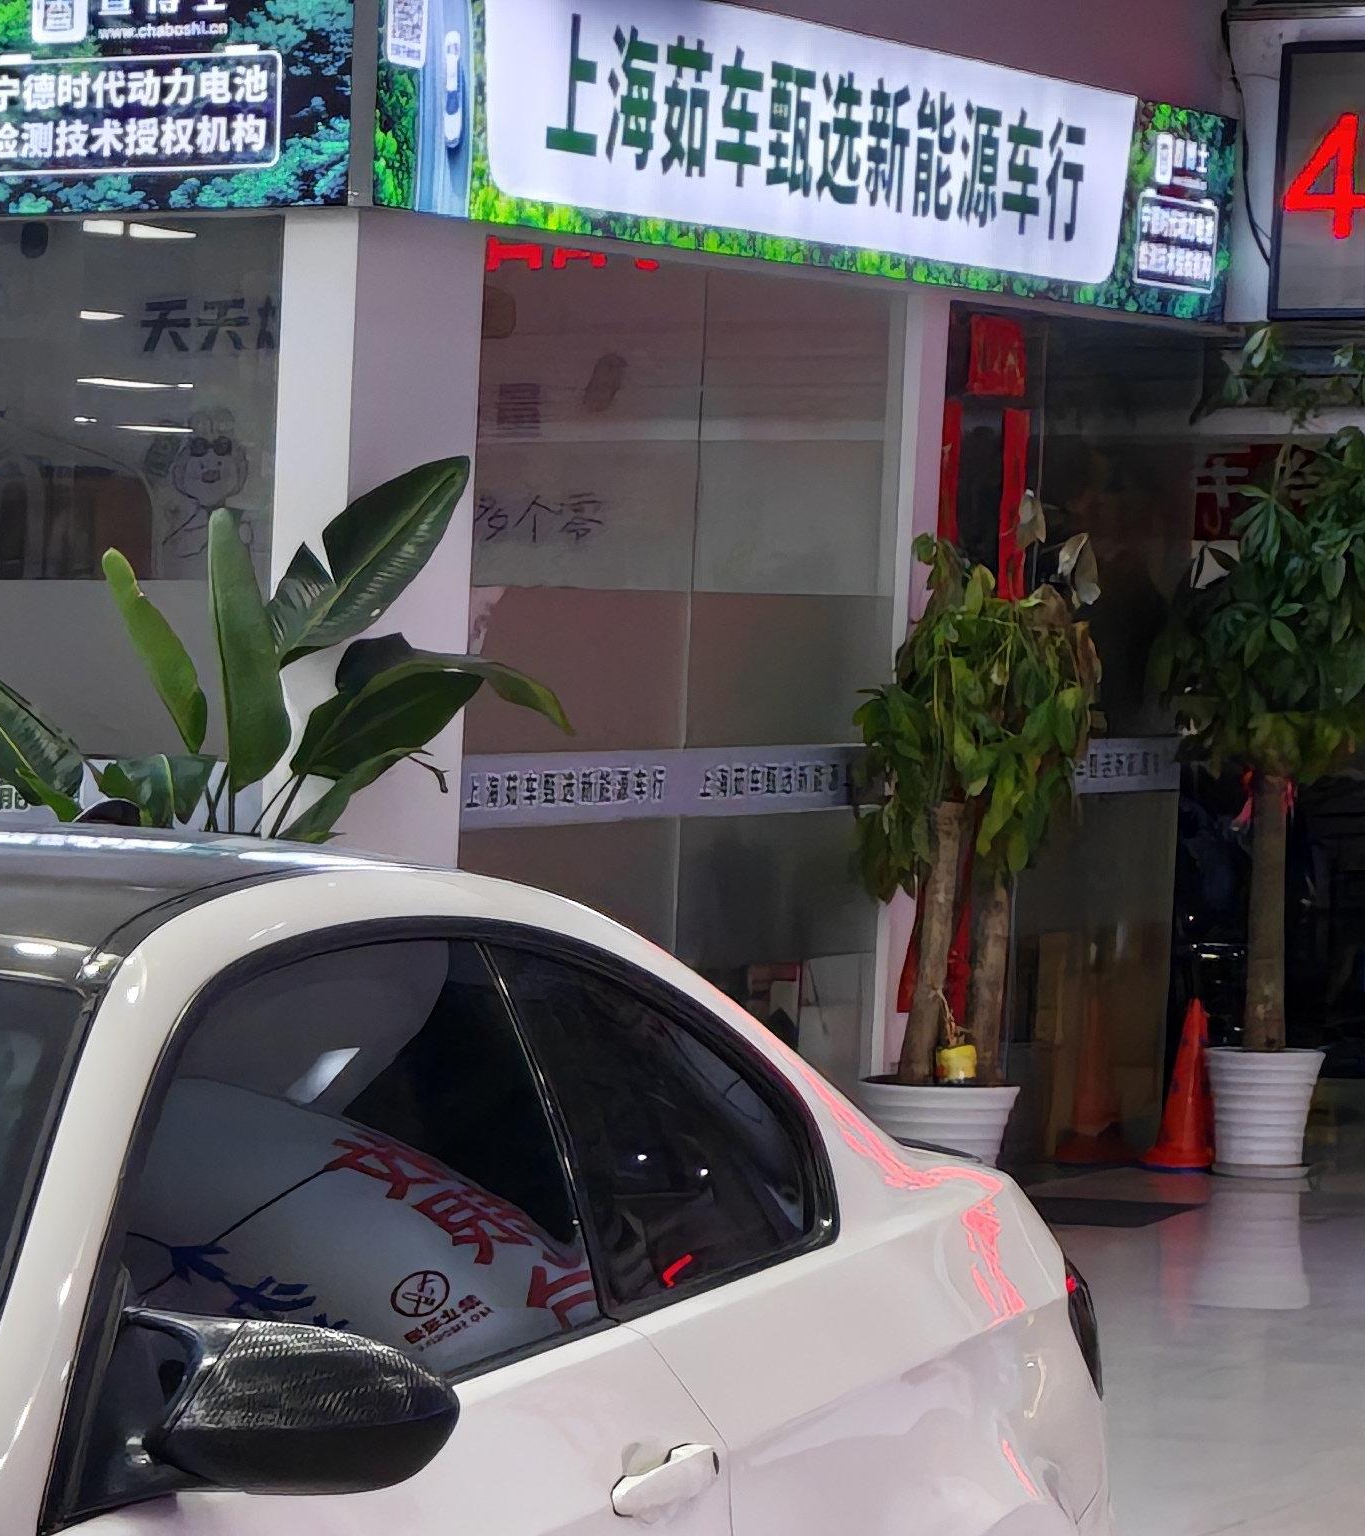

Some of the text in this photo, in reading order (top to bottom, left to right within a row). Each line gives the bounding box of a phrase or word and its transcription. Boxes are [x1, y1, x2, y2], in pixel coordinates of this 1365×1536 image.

[98, 20, 228, 40] www.chaboshi.cn
[546, 13, 1087, 242] 上海茹车甄选新能源车行
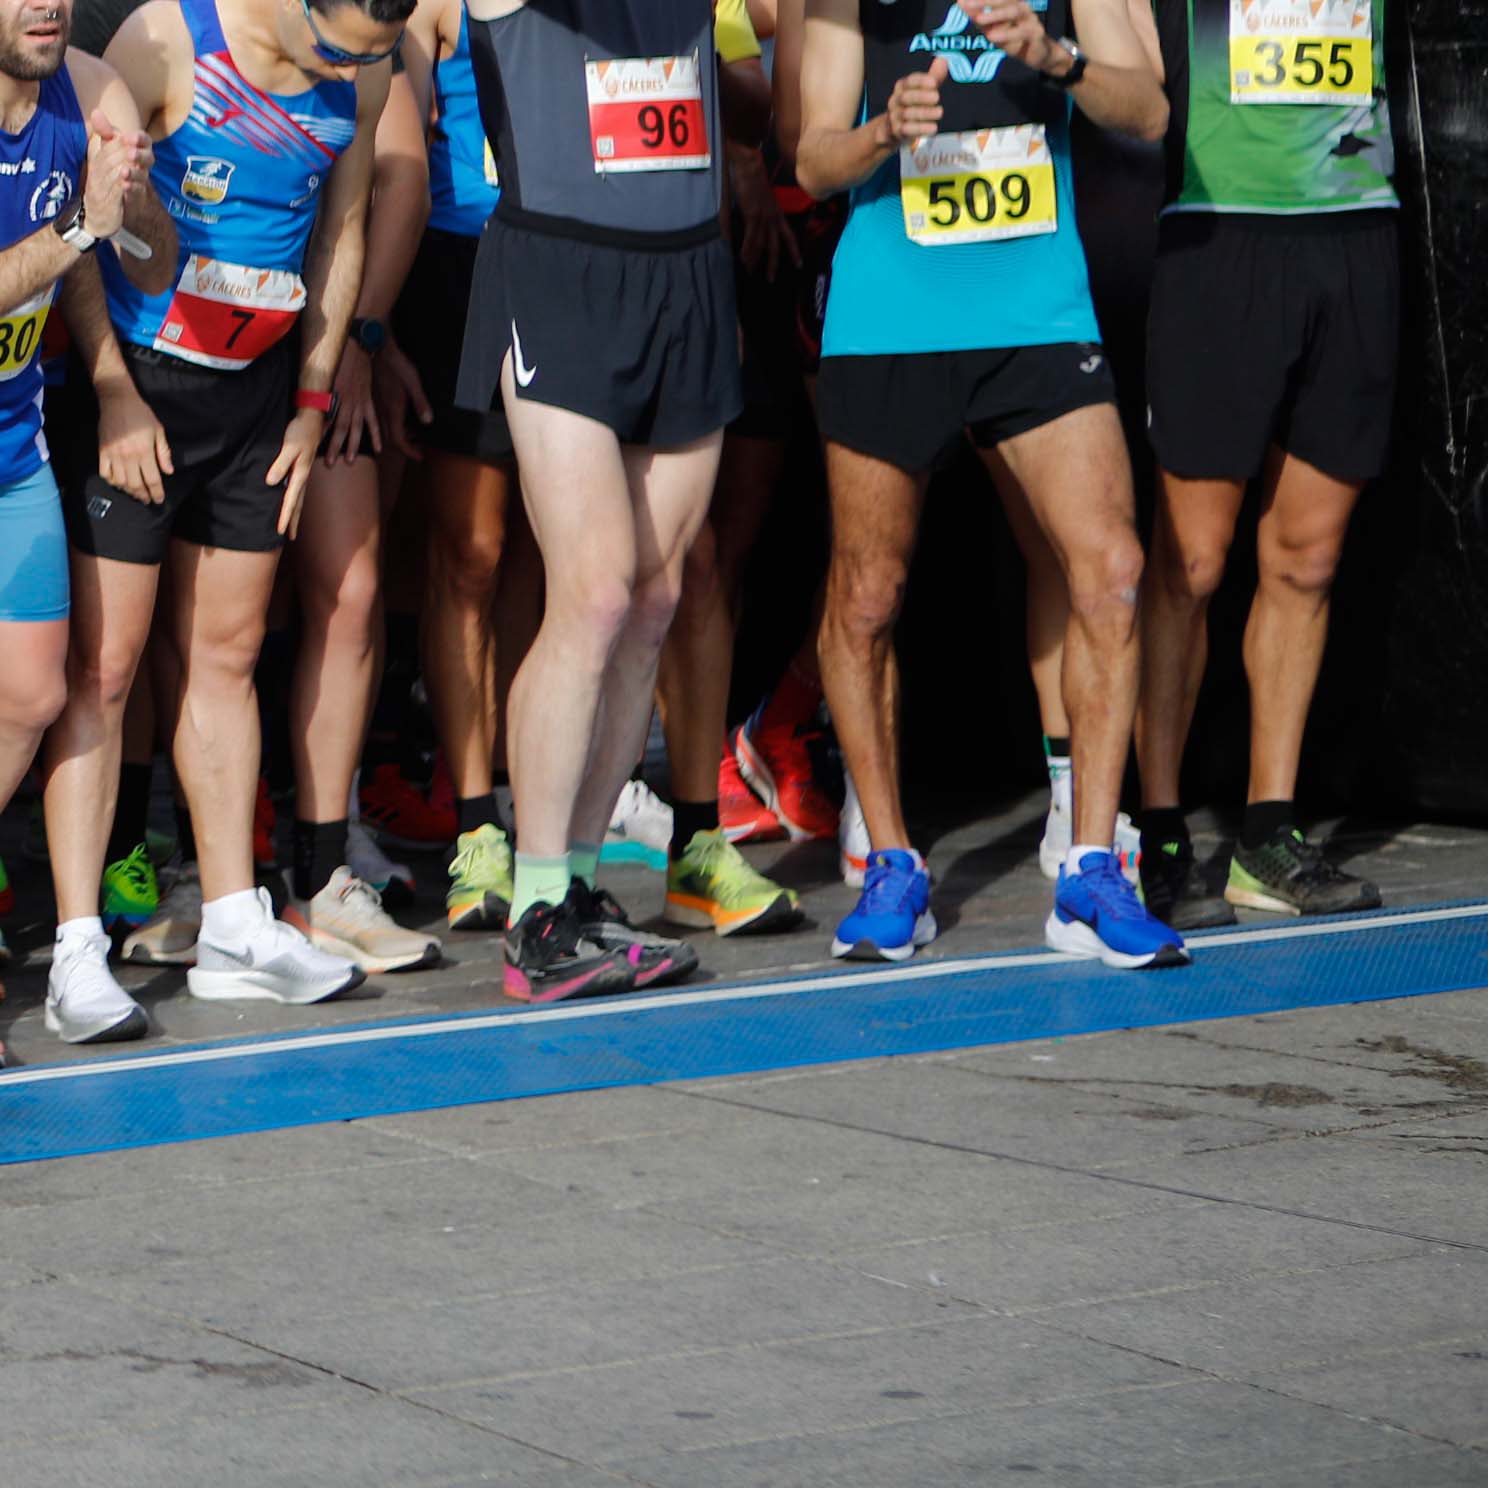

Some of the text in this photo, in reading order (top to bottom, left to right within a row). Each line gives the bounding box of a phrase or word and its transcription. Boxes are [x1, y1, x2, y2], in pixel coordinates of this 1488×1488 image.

[908, 32, 996, 53] ANDIA
[1254, 40, 1354, 87] 355
[637, 104, 689, 149] 96
[927, 173, 1031, 227] 509
[226, 309, 255, 350] 7
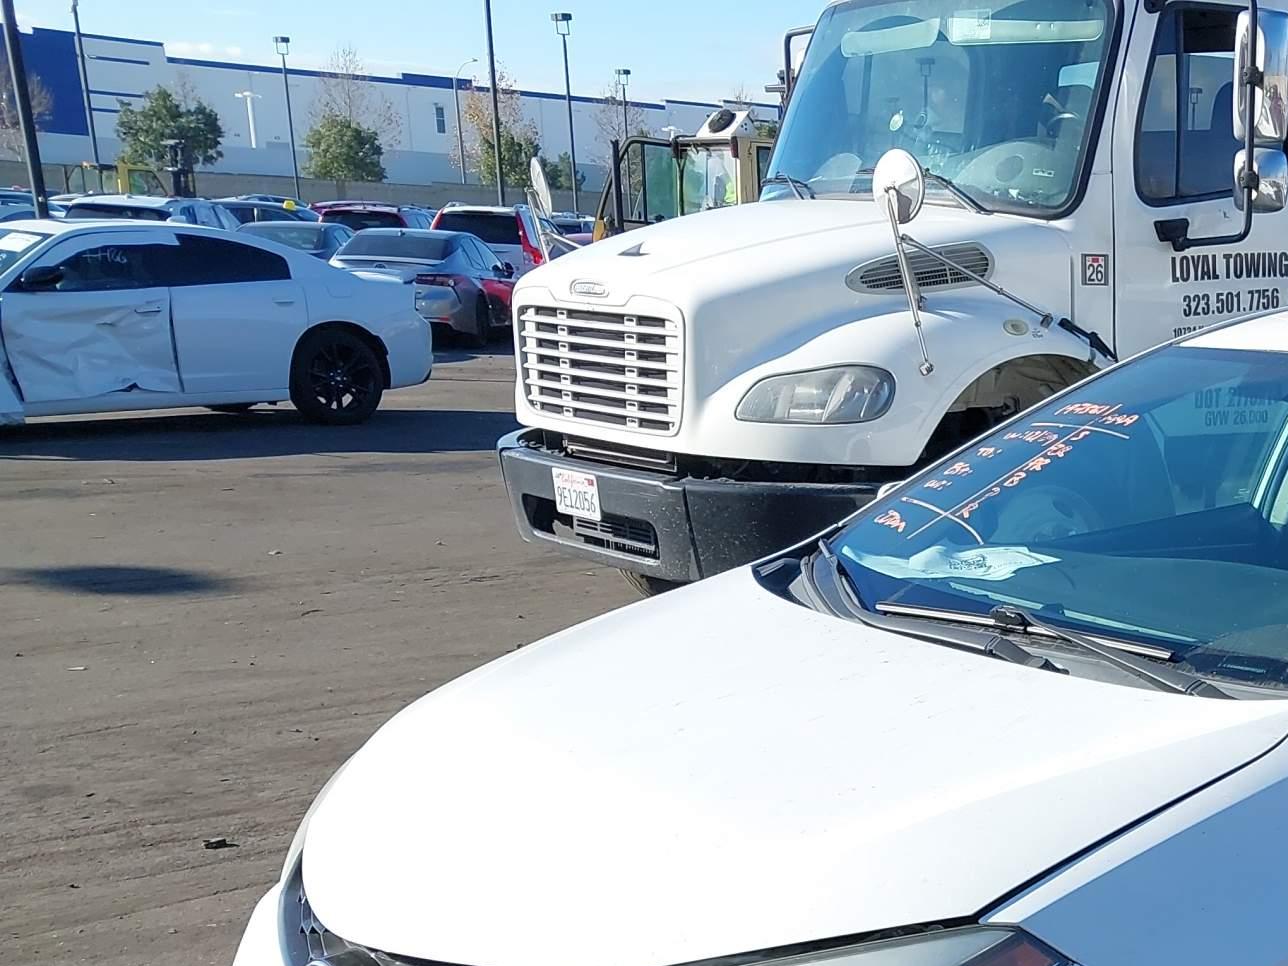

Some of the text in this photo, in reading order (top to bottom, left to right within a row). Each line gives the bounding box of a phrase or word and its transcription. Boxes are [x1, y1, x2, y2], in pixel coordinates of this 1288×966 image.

[1087, 263, 1104, 282] 26
[1171, 252, 1288, 283] LOYAL TOWING
[1182, 288, 1280, 318] 323.501.7756
[1205, 411, 1230, 427] GVW
[556, 486, 596, 513] 9E12056
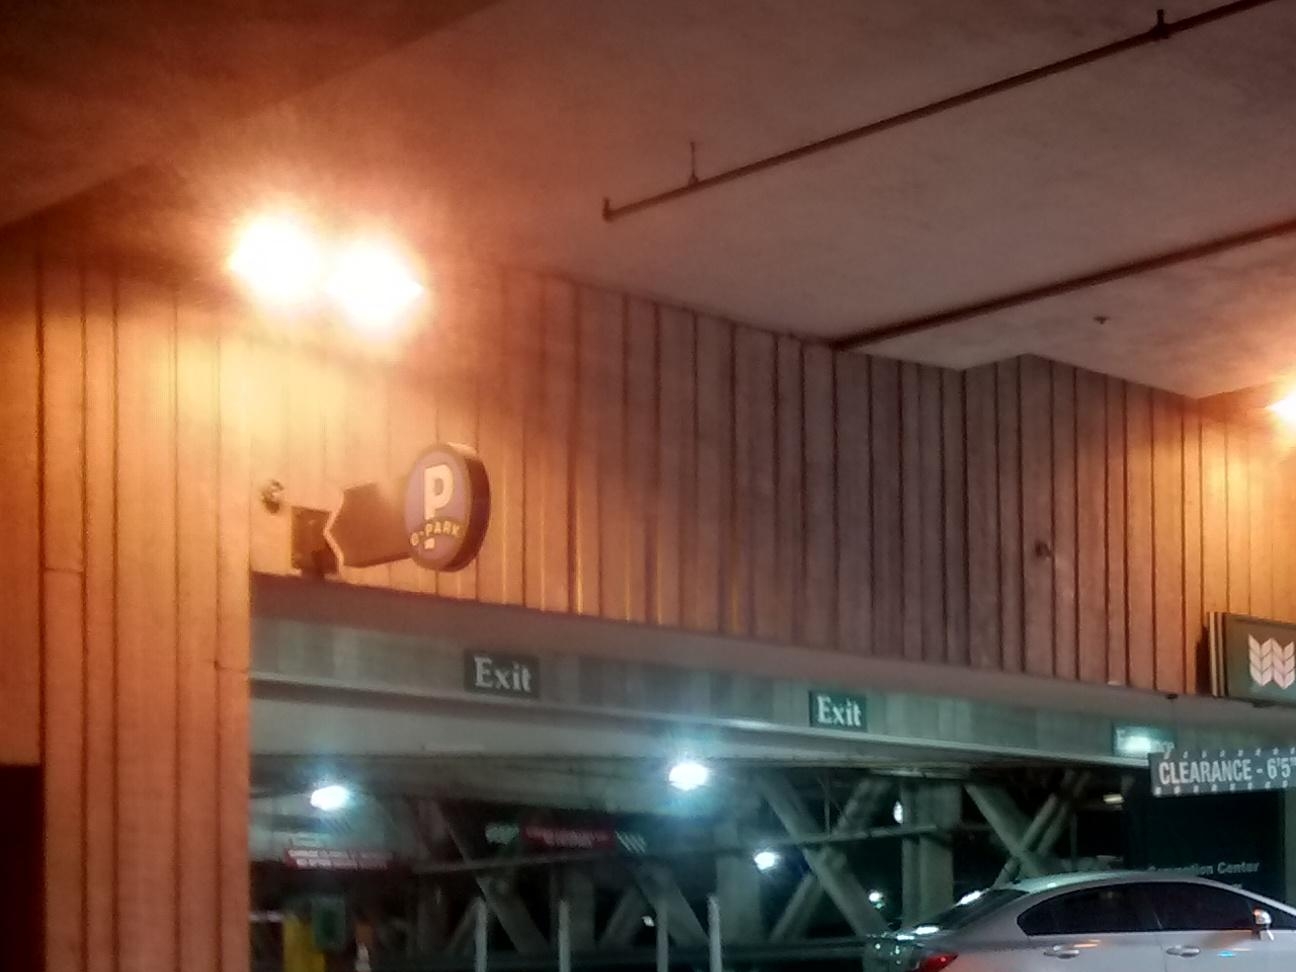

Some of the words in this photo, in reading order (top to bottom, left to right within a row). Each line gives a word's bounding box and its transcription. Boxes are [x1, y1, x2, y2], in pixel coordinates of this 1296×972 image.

━━━

Give the data again exactly as written, with all pictures left out.

▶ _RESPONSE TO THIS EXERCISE_
Some of the text in this photo, in reading order (top to bottom, left to right within a row). Each line gives the bounding box of a phrase or word and its transcription. Boxes are [x1, y1, x2, y2], in pixel coordinates of this 1365×1536 image.

[98, 20, 228, 40] www.chaboshi.cn
[546, 13, 1087, 242] 上海茹车甄选新能源车行

Some of the text in this photo, in reading order (top to bottom, left to right within a row). Each line gives the bounding box of a phrase or word and its transcription. Boxes are [x1, y1, x2, y2], in pixel coordinates of this 1488×1488 image.

[908, 32, 996, 53] ANDIA
[1254, 40, 1354, 87] 355
[637, 104, 689, 149] 96
[927, 173, 1031, 227] 509
[226, 309, 255, 350] 7

Some of the text in this photo, in reading order (top to bottom, left to right within a row). Each line gives the bounding box of a phrase or word and its transcription. Boxes are [x1, y1, x2, y2], in pixel coordinates of this 1288×966 image.

[1087, 263, 1104, 282] 26
[1171, 252, 1288, 283] LOYAL TOWING
[1182, 288, 1280, 318] 323.501.7756
[1205, 411, 1230, 427] GVW
[556, 486, 596, 513] 9E12056

Some of the words in this photo, in reading order (top to bottom, left to right within a row). Each line gives a word's bounding box and its transcription. Boxes are [x1, y1, x2, y2], in pixel coordinates of this 1296×972 image.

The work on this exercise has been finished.